A atenção à crise em saúde mental requer um conjunto de propostas para o cuidado ao sujeito, cujos aspetos biológicos, sociais e subjetivos devem ser legitimados na produção de saúde. O envolvimento da equipe multiprofissional na produção do cuidado viabiliza o atendimento a complexidade de demandas e particularidades do sujeito, ampliando a clínica e rompendo com a supervalorização de um único saber (Pinho, Souza & Esperidião, 2018). Esta relação de poder entre os pares reflete a construção sócio histórica e cultural do lugar social do médico no campo da saúde mental, sendo corporificado nos CAPS ainda que propostas da clínica psicossocial modifiquem esta hegemonia (Martins, 2017).
As práticas de cuidado na atenção à crise em saúde mental identificadas nos artigos da revisão sistemática, à exceção da internação como primeiro recurso terapêutico fortalecem e potencializam o fluxo da atenção à crise em saúde mental nos serviços de base comunitária, efetivando o cuidado em liberdade, como preconizado pela PNSM.
Conclusão
A assistência à saúde mental no Brasil, baseada no modelo de atenção de base comunitária, assegurou o cuidado em liberdade, evitando o itinerário ao hospital psiquiátrico. A desinstitucionalização exigiu a adoção de novos processos de cuidado em saúde mental, centrados no sujeito e que reconhecesse suas dimensões sociais, culturais, subjetivas e biológicas. De modo a contemplar a integralidade do sujeito, a clínica psicossocial delineia o processo de cuidado com ações transversalizadas em tecnologias leves, investindo na produção do vínculo, protagonismo do sujeito, contratualidade do cuidado, que assegurem a reabilitação psicossocial.

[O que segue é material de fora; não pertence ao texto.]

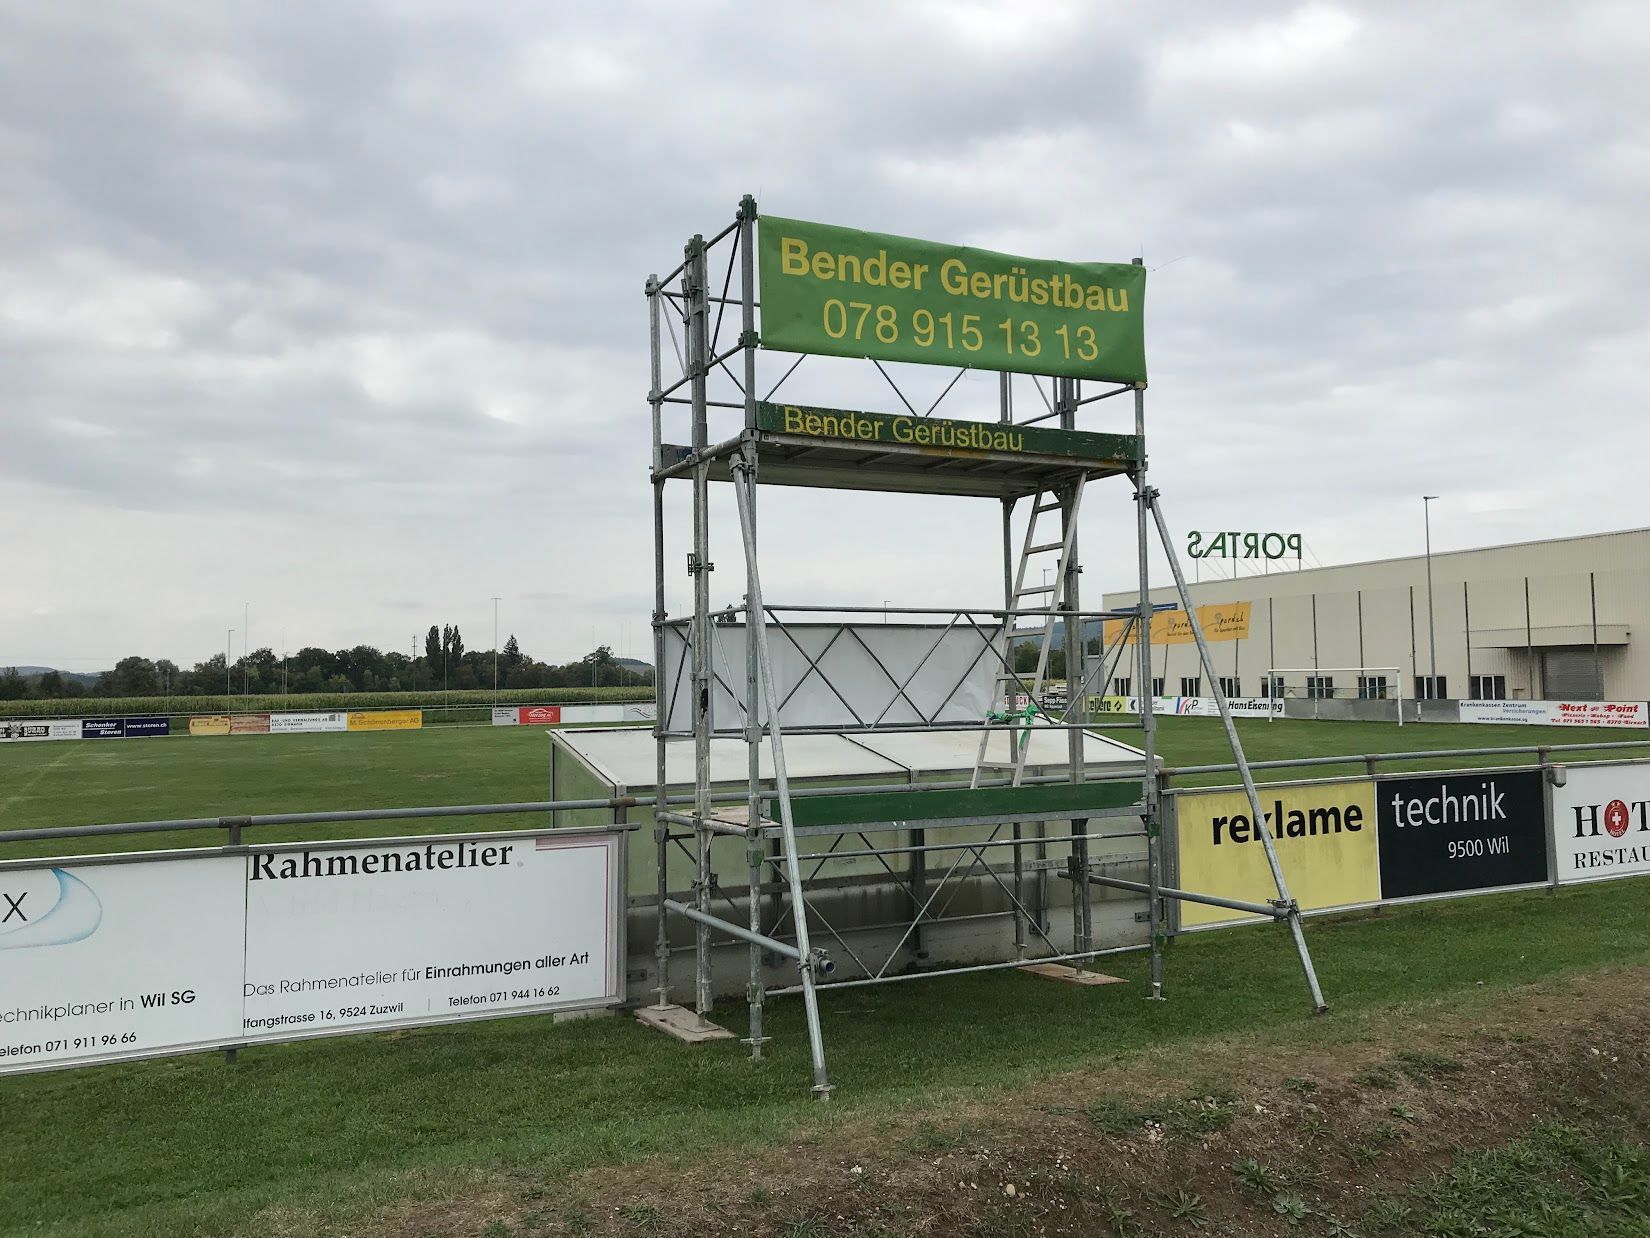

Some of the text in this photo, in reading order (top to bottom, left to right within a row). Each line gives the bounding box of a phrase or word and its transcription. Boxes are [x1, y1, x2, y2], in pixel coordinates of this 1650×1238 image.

A atenção a crise em saúde mental realizada pelos profissionais de CAPS, deve ser compatível com os princípios da reforma psiquiátrica e a proposta do modelo redirecionado à saúde mental, afinal o CAPS enquanto equipamento referência na atenção especializada da rede comunitária não assegura a desinstitucionalização. As práticas para o cuidado na situação de crise em saúde mental podem reproduzir o modelo asilar, mesmo no serviço territorial. As transformações produzidas no campo cultural, político e social impulsionadas pela reforma psiquiátrica também deve estender-se a clínica, a qual compartilhada por diversos saberes, favorece a atenção à crise em saúde mental para além da remissão dos sintomas.
De modo a efetivar a reforma psiquiátrica brasileira nos equipamentos de referência para o sujeito com sofrimento psíquico, os profissionais devem produzir o cuidado desinvestido da clínica tradicional, caracterizada por condutas de contenção do sofrimento psíquico e tutela do sujeito. A prática clínica no CAPS para atenção à crise em saúde mental deve focar no sujeito e na produção de saúde, dimensionando sobretudo na atenção ao sujeito pela perspetiva psicossocial.